• THE PROBLEM
Repeat every line of the data exactly; no picture belongs in the copy.

• INFORMATION SHOWN
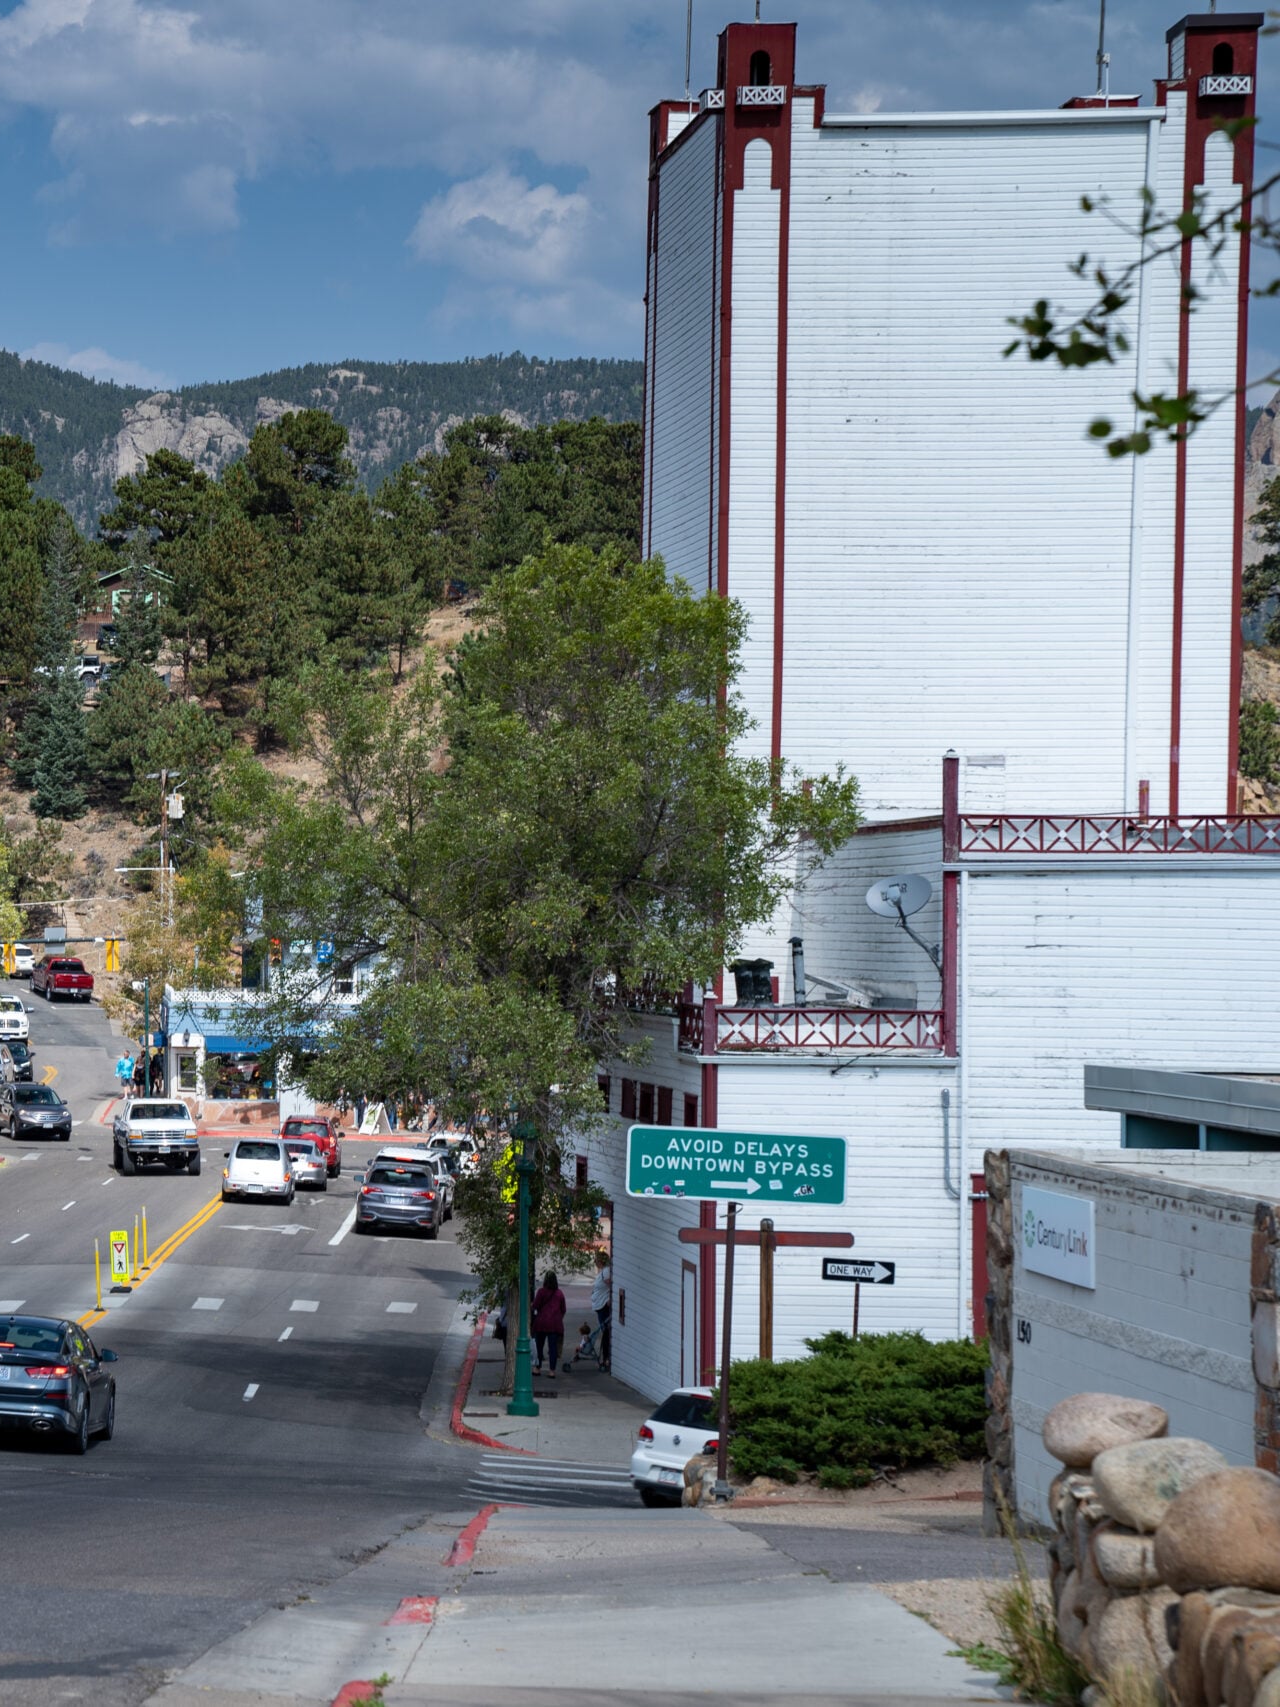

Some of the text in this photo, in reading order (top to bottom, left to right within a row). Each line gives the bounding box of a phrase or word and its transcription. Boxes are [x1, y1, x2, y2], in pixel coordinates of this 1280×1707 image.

[667, 1138, 809, 1158] AVOID DELAYS
[641, 1154, 834, 1178] DOWNTOWN BYPASS
[1037, 1220, 1088, 1257] CenturyLink
[829, 1264, 874, 1276] ONE WAY

• YOUR RESPONSE
Some of the text in this photo, in reading order (top to bottom, left to right within a row). Each line gives the bounding box of a phrase or word and its transcription. Boxes are [x1, y1, x2, y2], in pixel coordinates of this 1280×1707 image.

[667, 1138, 809, 1158] AVOID DELAYS
[641, 1154, 834, 1178] DOWNTOWN BYPASS
[1037, 1220, 1088, 1257] CenturyLink
[829, 1264, 874, 1276] ONE WAY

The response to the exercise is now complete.